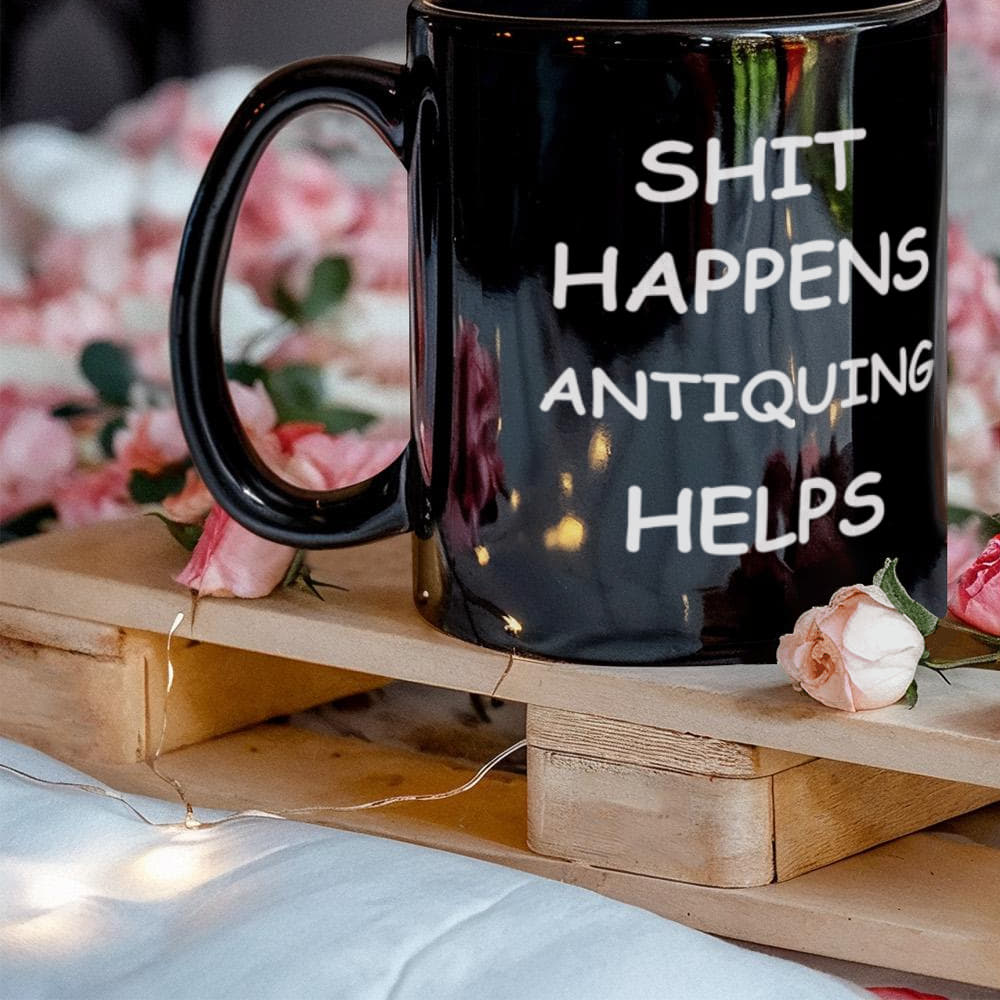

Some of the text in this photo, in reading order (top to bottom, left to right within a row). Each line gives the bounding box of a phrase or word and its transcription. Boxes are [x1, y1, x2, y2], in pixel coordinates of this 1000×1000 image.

[635, 128, 867, 205] SHIT
[553, 226, 930, 315] HAPPENS
[539, 339, 935, 430] ANTIQUING
[625, 471, 885, 556] HELPS

*What is required*:
Everything in the records that precede this task must be written out again exactly, except the pictures.

*Result for this task*:
Some of the text in this photo, in reading order (top to bottom, left to right within a row). Each line gives the bounding box of a phrase or word and its transcription. Boxes are [x1, y1, x2, y2], in pixel coordinates of this 1000×1000 image.

[635, 128, 867, 205] SHIT
[553, 226, 930, 315] HAPPENS
[539, 339, 935, 430] ANTIQUING
[625, 471, 885, 556] HELPS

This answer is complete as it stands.